- Data in this exercise
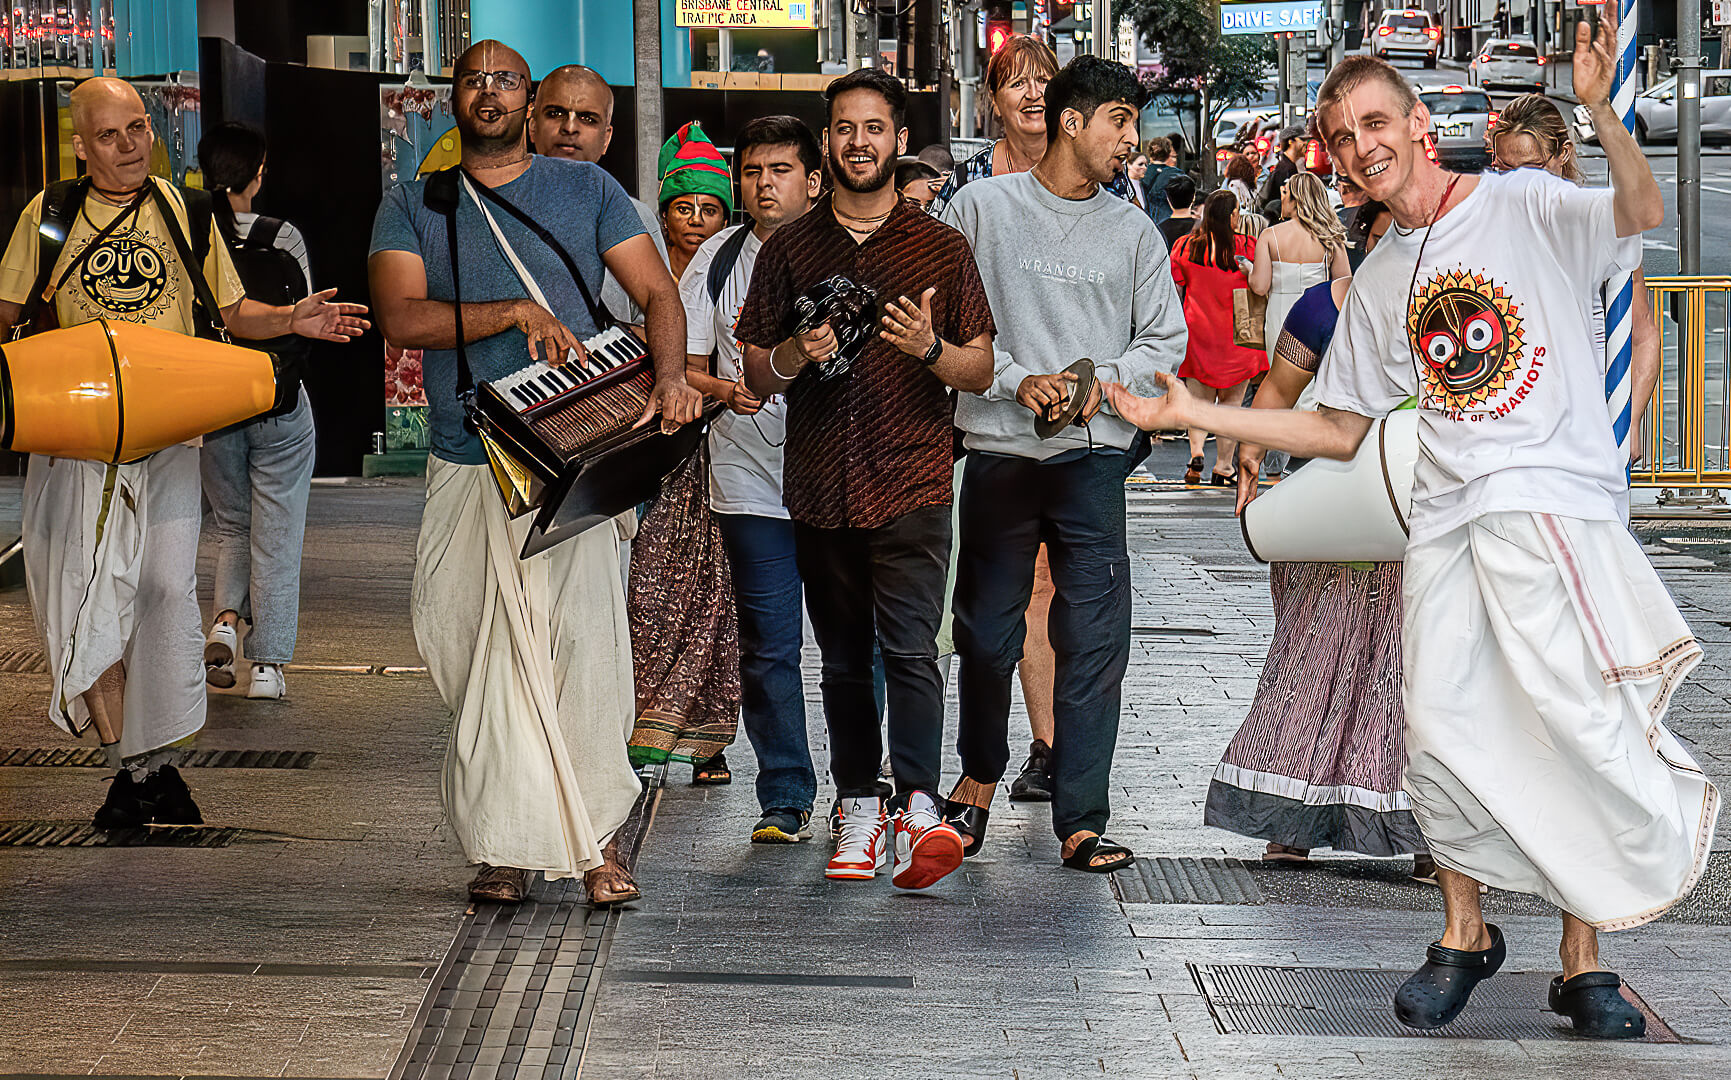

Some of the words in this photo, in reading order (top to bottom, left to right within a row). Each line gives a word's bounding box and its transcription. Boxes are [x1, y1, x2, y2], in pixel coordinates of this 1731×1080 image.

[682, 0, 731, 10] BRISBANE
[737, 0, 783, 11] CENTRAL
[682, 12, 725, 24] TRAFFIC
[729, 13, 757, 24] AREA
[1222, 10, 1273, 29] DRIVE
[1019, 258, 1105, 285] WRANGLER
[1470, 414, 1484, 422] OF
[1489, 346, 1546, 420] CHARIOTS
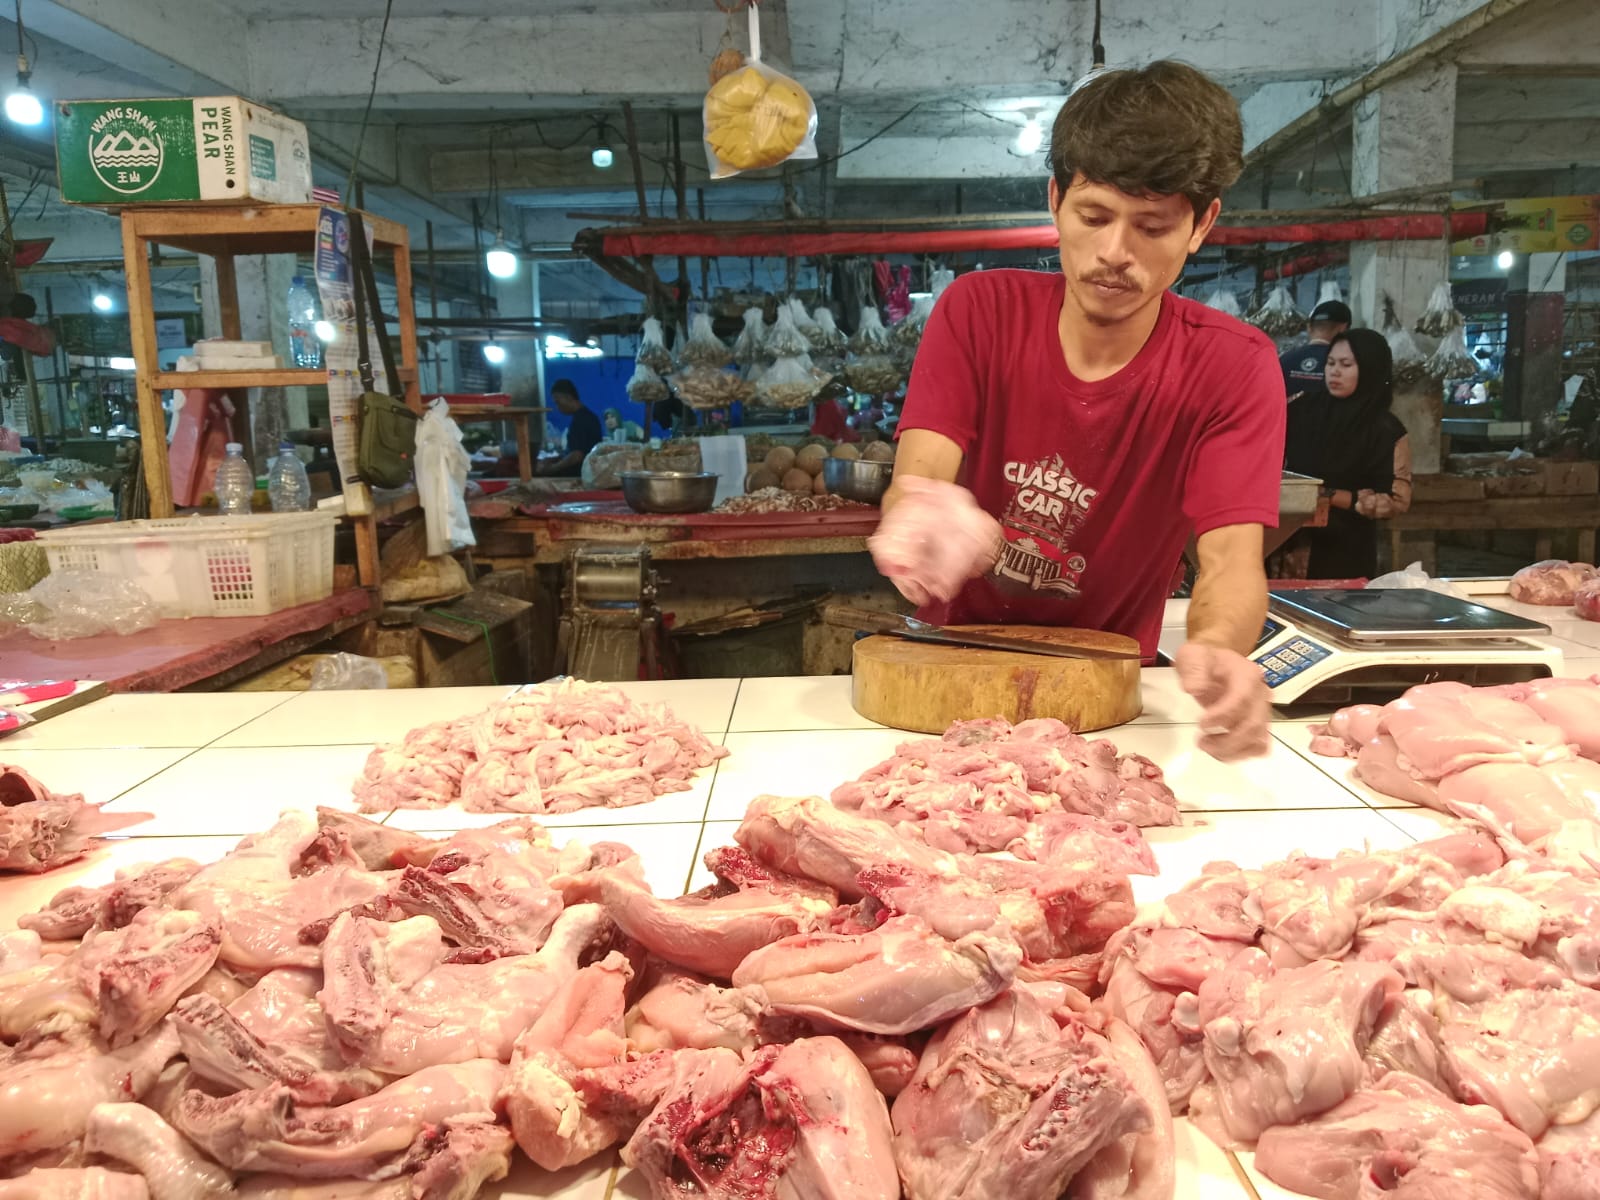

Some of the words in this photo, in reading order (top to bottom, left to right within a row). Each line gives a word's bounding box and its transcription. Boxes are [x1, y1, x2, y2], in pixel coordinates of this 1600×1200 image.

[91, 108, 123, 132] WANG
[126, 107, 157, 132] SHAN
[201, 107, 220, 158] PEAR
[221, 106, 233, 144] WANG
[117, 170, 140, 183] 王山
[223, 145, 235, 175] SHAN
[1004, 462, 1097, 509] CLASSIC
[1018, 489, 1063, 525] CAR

- Work to be completed
Only the pictures are to be left out; repeat everything else in the records above exactly.

- Answer box
Some of the words in this photo, in reading order (top to bottom, left to right within a row). Each line gives a word's bounding box and its transcription. Boxes are [x1, y1, x2, y2], in pixel coordinates of this 1731×1080 image.

[682, 0, 731, 10] BRISBANE
[737, 0, 783, 11] CENTRAL
[682, 12, 725, 24] TRAFFIC
[729, 13, 757, 24] AREA
[1222, 10, 1273, 29] DRIVE
[1019, 258, 1105, 285] WRANGLER
[1470, 414, 1484, 422] OF
[1489, 346, 1546, 420] CHARIOTS

Some of the words in this photo, in reading order (top to bottom, left to right within a row). Each line gives a word's bounding box and its transcription. Boxes are [x1, y1, x2, y2], in pixel coordinates of this 1600×1200 image.

[91, 108, 123, 132] WANG
[126, 107, 157, 132] SHAN
[201, 107, 220, 158] PEAR
[221, 106, 233, 144] WANG
[117, 170, 140, 183] 王山
[223, 145, 235, 175] SHAN
[1004, 462, 1097, 509] CLASSIC
[1018, 489, 1063, 525] CAR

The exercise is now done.